Ein Telefonat, das nachwirken wird.
Seit wir Teenager waren, kennen J. und ich einander schon. Wir kennen einander länger als nicht. Noch so eine Sache, die nicht absehbar war: Dass nicht ich in den USA landen würde, sondern sie. Beides wegen der Liebe. Manchmal ist das Leben so, dass ein Lieben zu einem Geblieben wird, und nicht wir entscheiden.
Unterschiedliche Zeitzonen, immer noch die freundschaftlich geteilte Herzregion.
J. erzählt von einer Nachbarin, einer Freundin, die sich beim Gespräch auf der Terrasse, es war eigentlich idyllisch, zu politischen Positionen bekannte, die J. vor den Kopf stießen. Beinahe sei es zum Streit gekommen. Seitdem Verunsicherung. Trauer. Wut.
„Was mach ich damit?“, fragt sie.
Wenn aus Gartenzäunen Mauern zu werden drohen, weil Spaltung an die Pforte einer Nachbarschaft klopft. Eine Spaltung, von der Alle sprechen, als sei sie eine Gewitterfront, die sich nicht aufhalten lässt, drüben wie hier. Eine Rivalität der moralischen Überlegenheiten.
Überlegen.
Überlegen wir gründlich genug, um zu erkennen, dass uns dieses Richtig oder Falsch an der Nase herumführt, im Kreis noch dazu?

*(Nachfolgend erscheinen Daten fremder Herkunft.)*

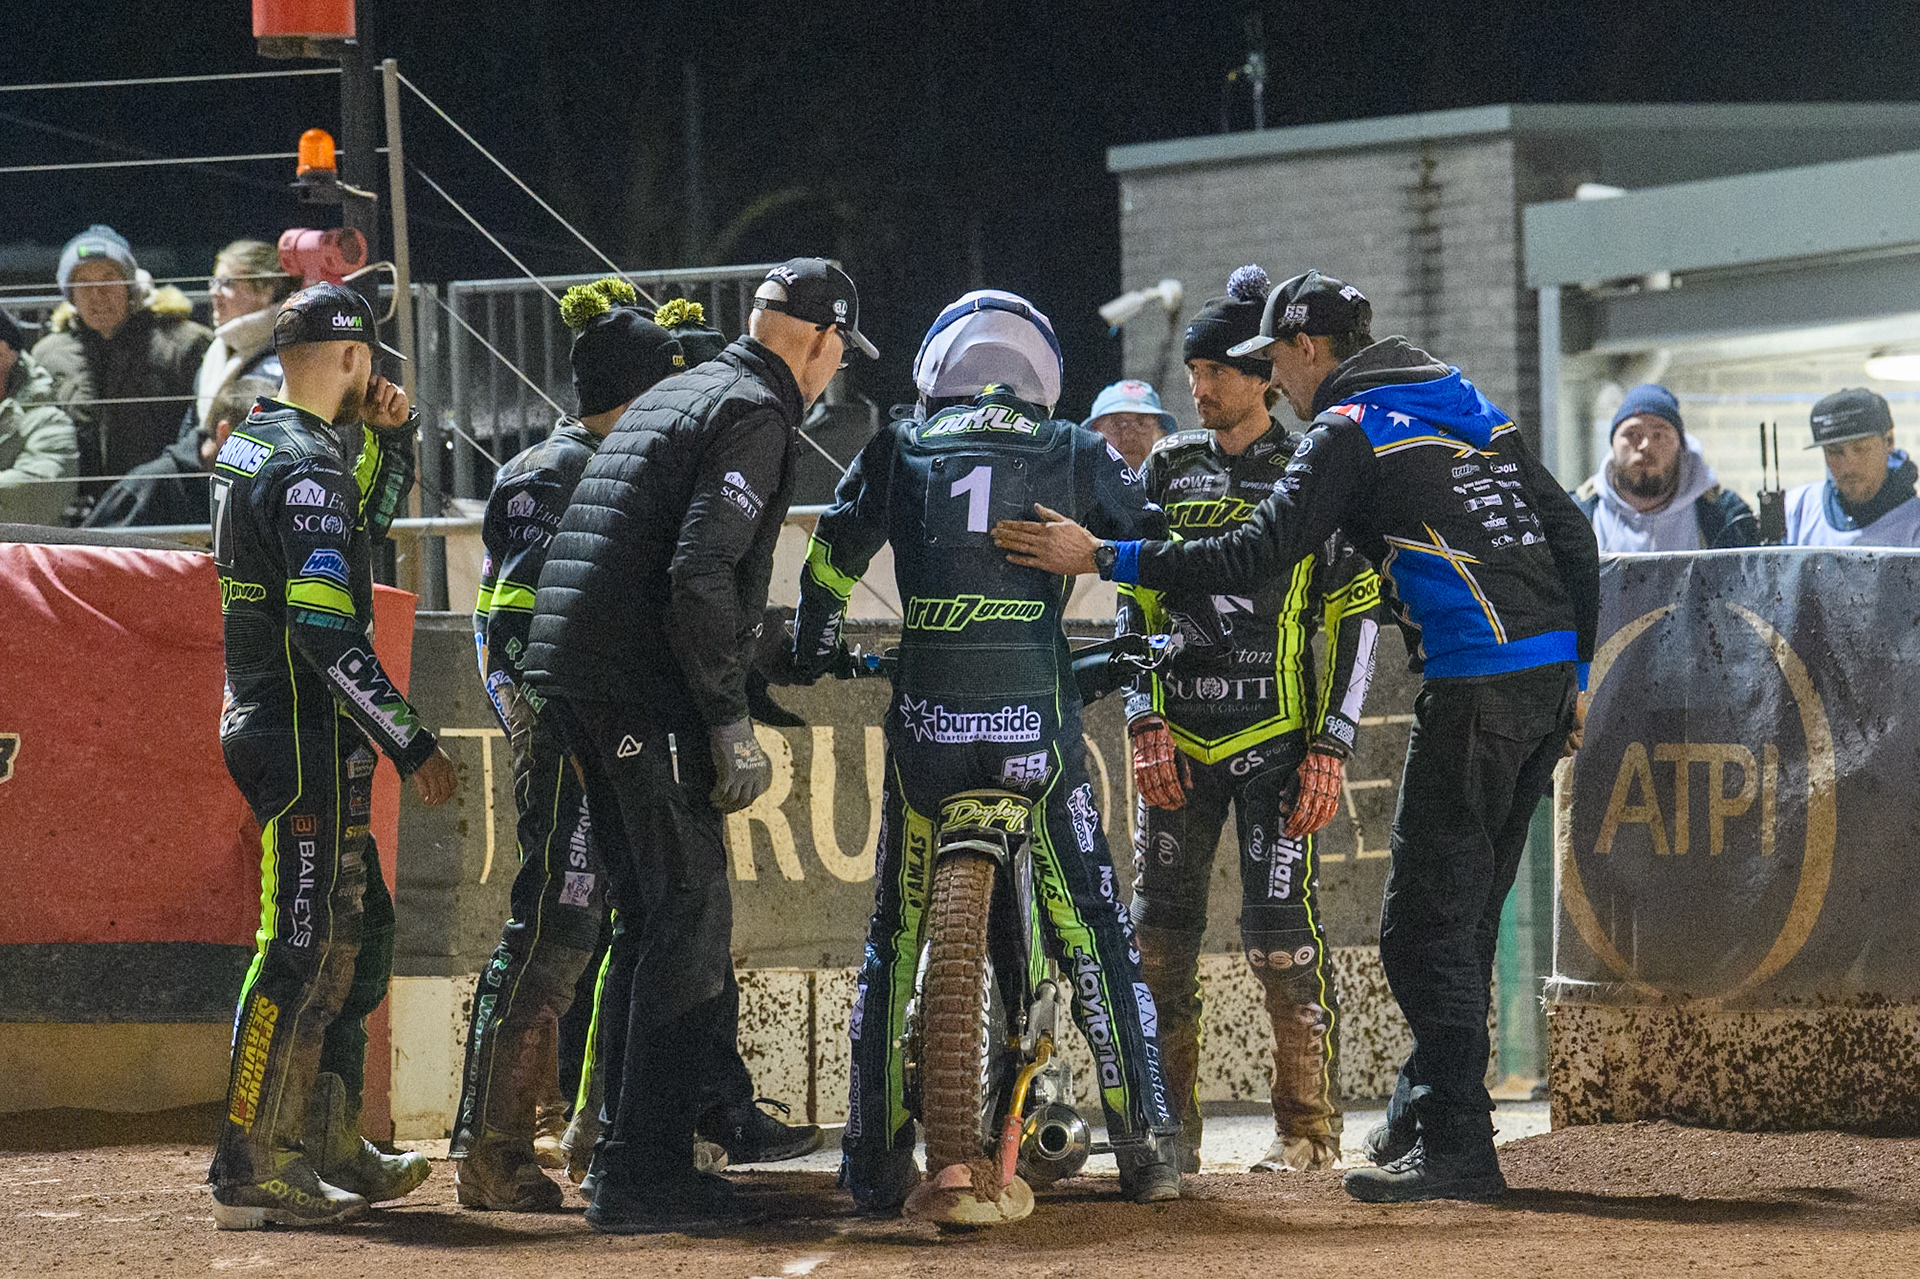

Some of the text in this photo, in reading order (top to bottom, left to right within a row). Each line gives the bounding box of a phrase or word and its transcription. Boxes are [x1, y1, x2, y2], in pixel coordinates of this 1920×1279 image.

J. und ich sprechen über die Gedanken, die in Gefühlen entstehen. Über die Gefühle, die in Schmerzen entstehen. Über die Schmerzen, die in Familien entstehen. J. sagt, die Nachbarin, die Freundin, habe es schwer gehabt in ihrer Familie. Sehr schwer. In gewisser Weise könne sie ja sogar nachvollziehen, woher die radikale Einstellung komme. Ein Schutz. Eine Angst. Aber kann sie ihr das durchgehen lassen?
Menschlichkeiten stehen auf dem Spiel. Gerechtigkeiten. Das Fundament einer Freundschaft. Die Stabilität einer Gesellschaft.
Geht es denn jetzt um das kleine oder das große Bild? Oder ist das kleine das große?
Wenn eine politische Spaltung zwischen uns in Wahrheit ein menschlicher Schmerz in uns wäre. Dann wäre es eine Angst, die uns spaltete. Eine Angst vor dem alten oder einem neuen Schmerz. Dann wäre es keine hilfreiche Idee, einander politisch zu begegnen, überlegen J. und ich. Sondern es ginge ums Aufmachen. Den Anfang zu machen und über das zu sprechen, was uns in unserem Innern, unter den emotionalen Hornhäuten, bewegt. Wir müssten eigener Überlegenheit auf die Schliche kommen. Den Mut entwickeln, das Herz aufzuhalten. Also „aufhalten“ nicht im Sinne von stoppen. Sondern „aufhalten“ im Sinne von: „Ich baue aber keine Mauer.“
Mehr Fragen als Antworten. Sicher können wir uns am Ende unseres Telefonats bei all dem nicht sein. Vielleicht aber in einem Punkt: Diese Spaltung, von der Alle sprechen. Sie ist keine Gewitterfront, der wir ausgeliefert sind.